*** Records for processing Section Begins ***

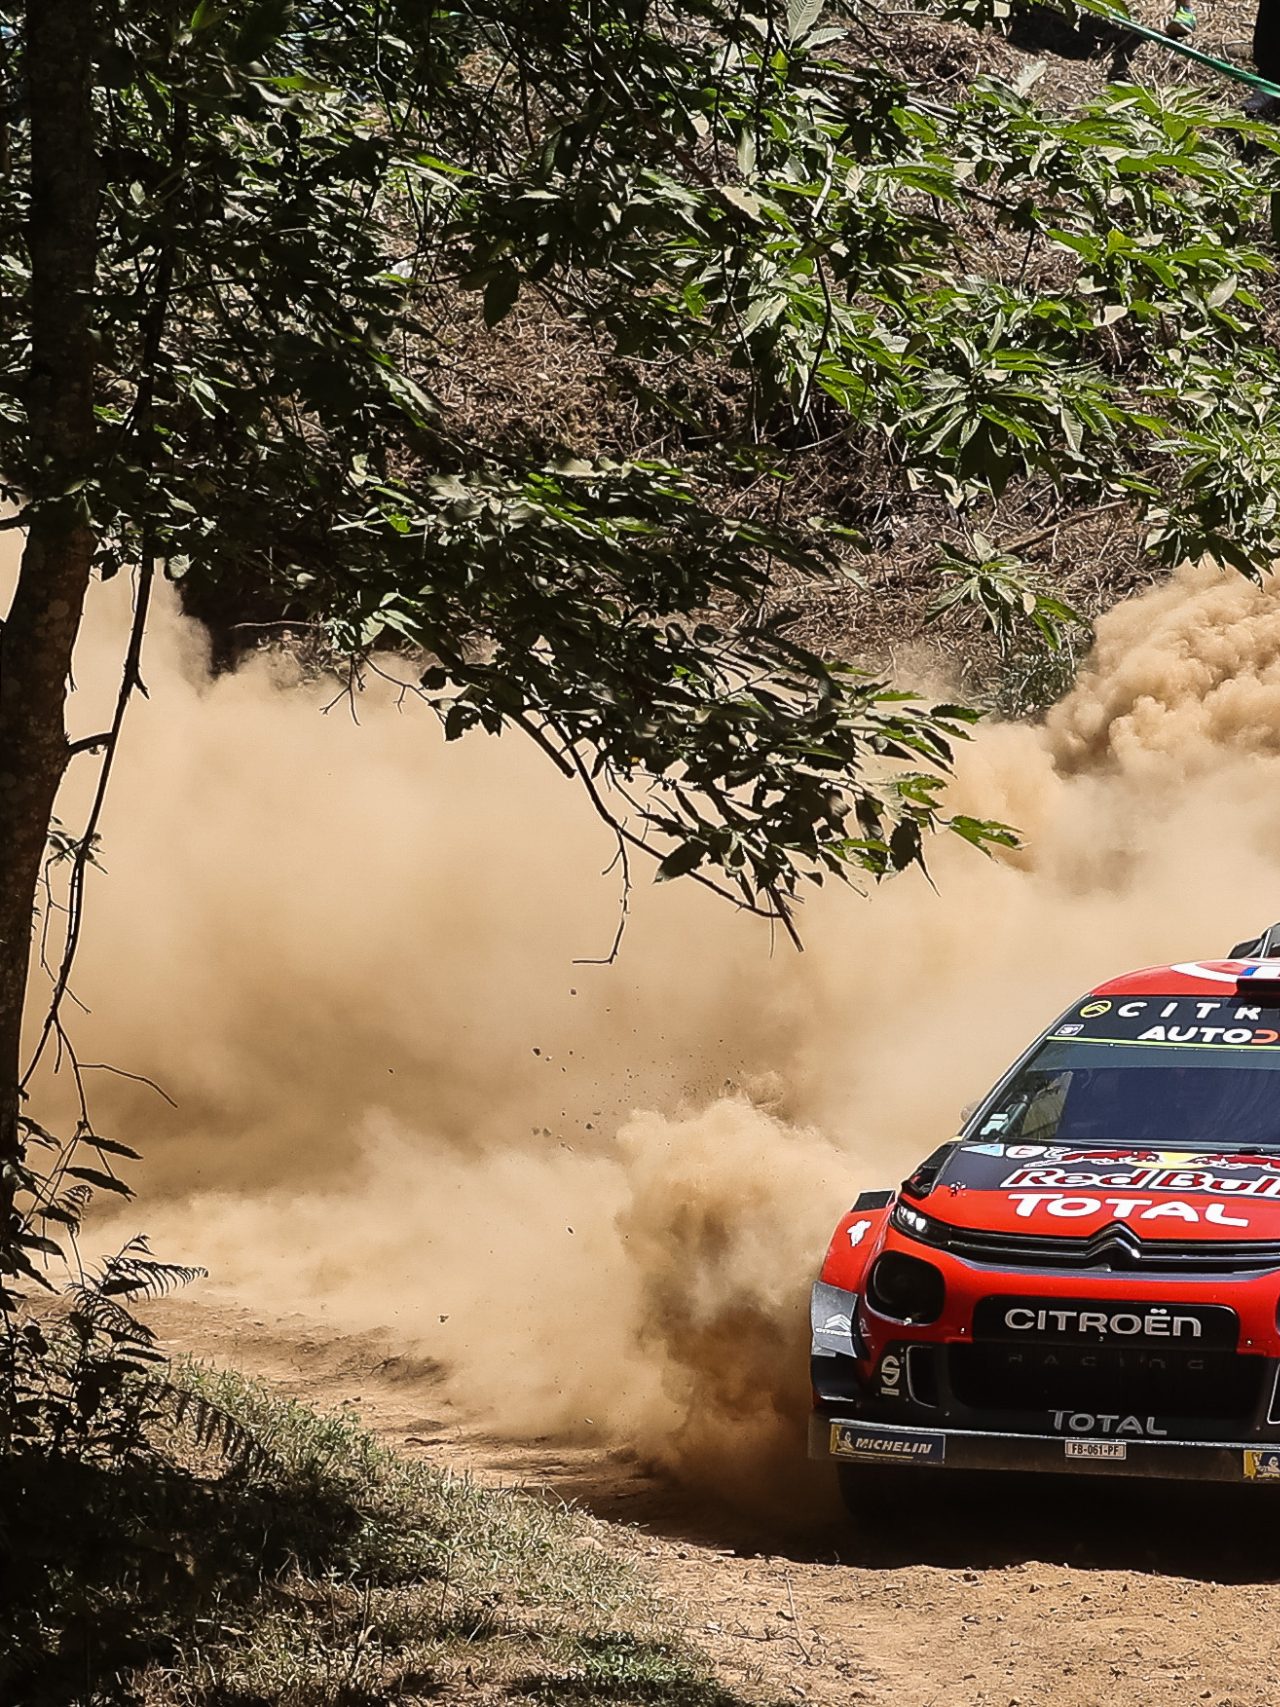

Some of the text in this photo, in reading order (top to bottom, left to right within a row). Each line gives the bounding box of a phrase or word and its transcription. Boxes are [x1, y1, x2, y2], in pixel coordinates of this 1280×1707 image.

[1002, 1169, 1150, 1188] Red
[1007, 1193, 1250, 1227] TOTAL
[1004, 1308, 1202, 1337] CITROËN
[1048, 1409, 1168, 1436] TOTAL
[855, 1437, 933, 1454] MICHELIN
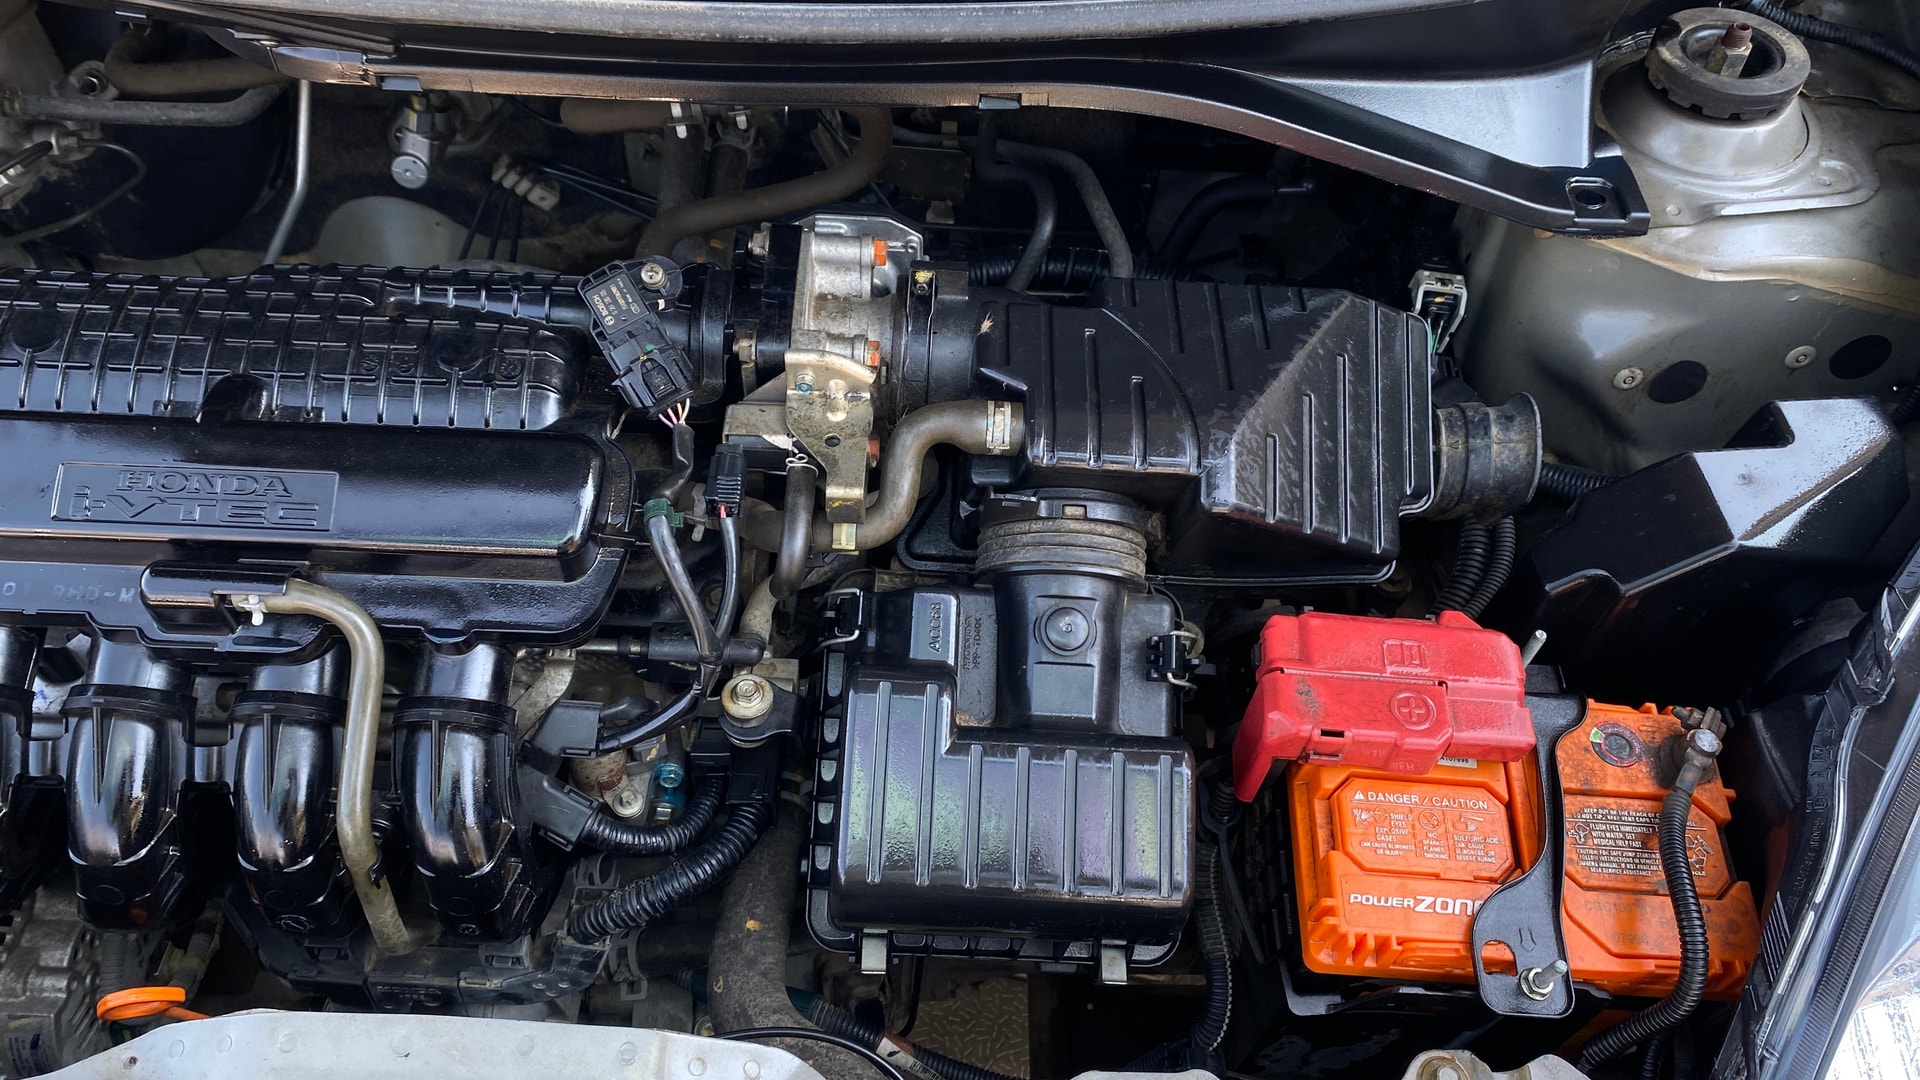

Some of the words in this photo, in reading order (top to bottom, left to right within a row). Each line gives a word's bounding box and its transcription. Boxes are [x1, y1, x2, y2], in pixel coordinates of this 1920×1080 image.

[592, 294, 609, 317] BOSCH
[116, 470, 294, 497] HONDA
[69, 486, 320, 527] i-VTEC
[1368, 792, 1419, 804] DANGER
[1432, 797, 1488, 810] CAUTION
[1390, 813, 1413, 821] SHIELD
[1376, 827, 1409, 835] EXPLOSIVE
[1620, 826, 1653, 834] IMMEDIATELY
[1453, 835, 1484, 843] SULFURIC

*** Records for processing Section Ends ***

» **Exercise description**: Could you restate every record above word for word, leaving the pictures out?

» **Answer space**:
Some of the text in this photo, in reading order (top to bottom, left to right within a row). Each line gives the bounding box of a phrase or word and its transcription. Boxes are [x1, y1, x2, y2], in pixel coordinates of this 1280×1707 image.

[1002, 1169, 1150, 1188] Red
[1007, 1193, 1250, 1227] TOTAL
[1004, 1308, 1202, 1337] CITROËN
[1048, 1409, 1168, 1436] TOTAL
[855, 1437, 933, 1454] MICHELIN

Some of the words in this photo, in reading order (top to bottom, left to right within a row). Each line gives a word's bounding box and its transcription. Boxes are [x1, y1, x2, y2], in pixel coordinates of this 1920×1080 image.

[592, 294, 609, 317] BOSCH
[116, 470, 294, 497] HONDA
[69, 486, 320, 527] i-VTEC
[1368, 792, 1419, 804] DANGER
[1432, 797, 1488, 810] CAUTION
[1390, 813, 1413, 821] SHIELD
[1376, 827, 1409, 835] EXPLOSIVE
[1620, 826, 1653, 834] IMMEDIATELY
[1453, 835, 1484, 843] SULFURIC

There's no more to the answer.